Figure 1.

Screening by Southern blot and q-PCR of ES clones targeted with a conventional construct. (A) Schematic showing Tec targeting vector designed to delete 1.2 kb including exons 5 and 6. The primers used for q-PCR are indicated in dark inverse arrows. The 3′ Tec probe for Southern blotting is indicated as the red bar (in intron 8). S: SspI sites in the construct and the endogenous gene. Double arrows indicated the endogenous and targeted SspI fragments detected in Southern analyses. (B, C) Southern blot analysis of ES DNA digested with SspI and hybridized with (B) the 3′ probe (located in intron 8 of the Tec gene). The migration of the endogenous 6.3 kb SspI band and the targeted 9.0 kb fragment (asterisk) are indicated. (C) The same membrane was stripped and re-hybridized with a neo probe.
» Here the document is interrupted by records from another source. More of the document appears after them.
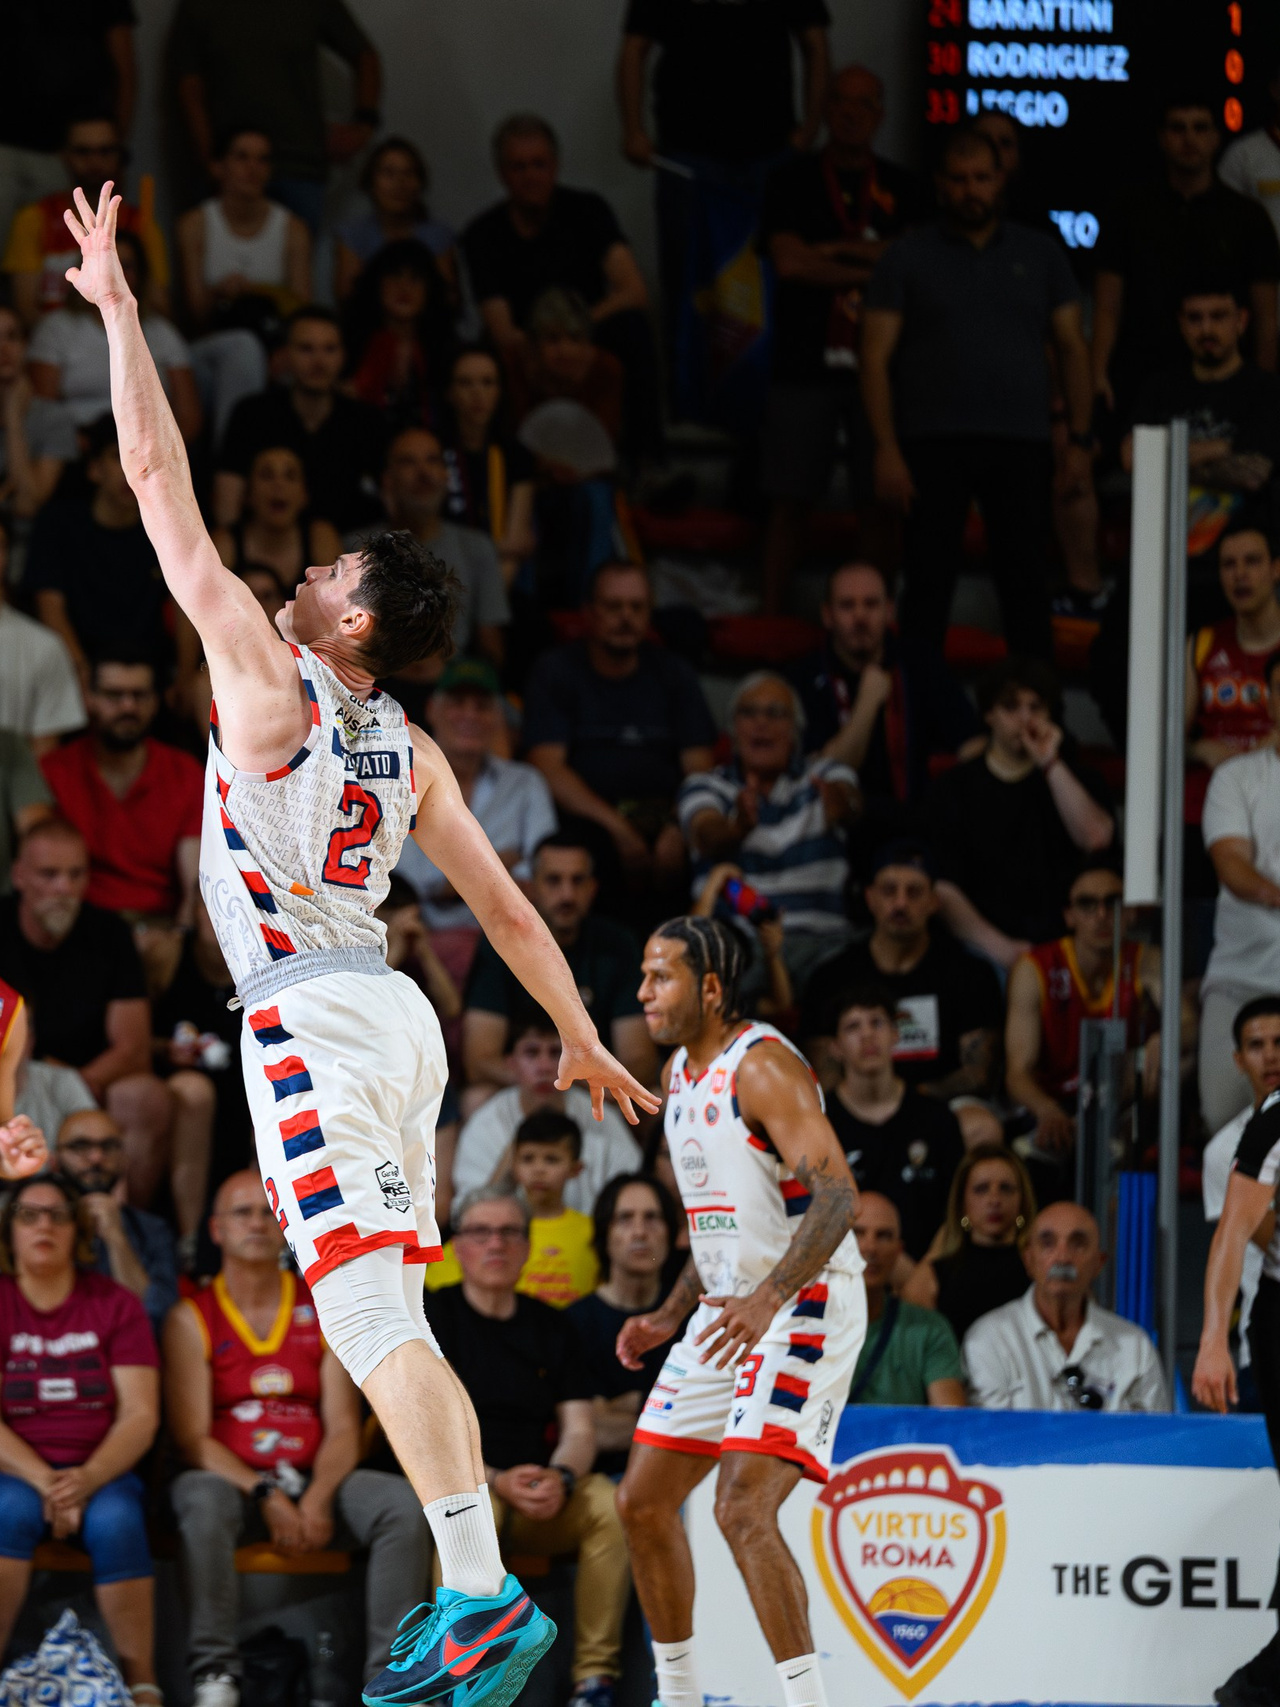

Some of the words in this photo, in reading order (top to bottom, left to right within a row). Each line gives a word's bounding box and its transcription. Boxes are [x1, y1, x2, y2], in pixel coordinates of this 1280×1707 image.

[968, 0, 1114, 32] BARATTINI
[1227, 1, 1242, 37] 1
[967, 41, 1130, 81] RODRIGUEZ
[1224, 48, 1244, 84] 0
[1223, 97, 1244, 132] 0
[266, 798, 304, 821] PESCIA
[266, 815, 319, 840] UZZANESE
[267, 829, 321, 856] LARCIANO
[322, 780, 384, 890] 2
[852, 1510, 968, 1541] VIRTUS
[860, 1543, 956, 1569] ROMA
[1051, 1563, 1111, 1597] THE
[892, 1623, 928, 1641] 1960
The targeted 9.0 fragment (asterisk) is indicated. (D) q-PCR was performed using ES DNA from clones previously examined by Southern blotting and primers for the deleted region of Tec, neo and a reference gene Itk. As calibrators, DNA from WT ES cells (containing two copies of the deleted Tec region) and from an ES cell clone harboring one copy of neo were used with RQ values set to 1. Results are compared to Southern analyses. Targeted clones have RQ values close to 0.5 for Tec and 1 for neo. Clones containing a disruption of Tec are indicated in red.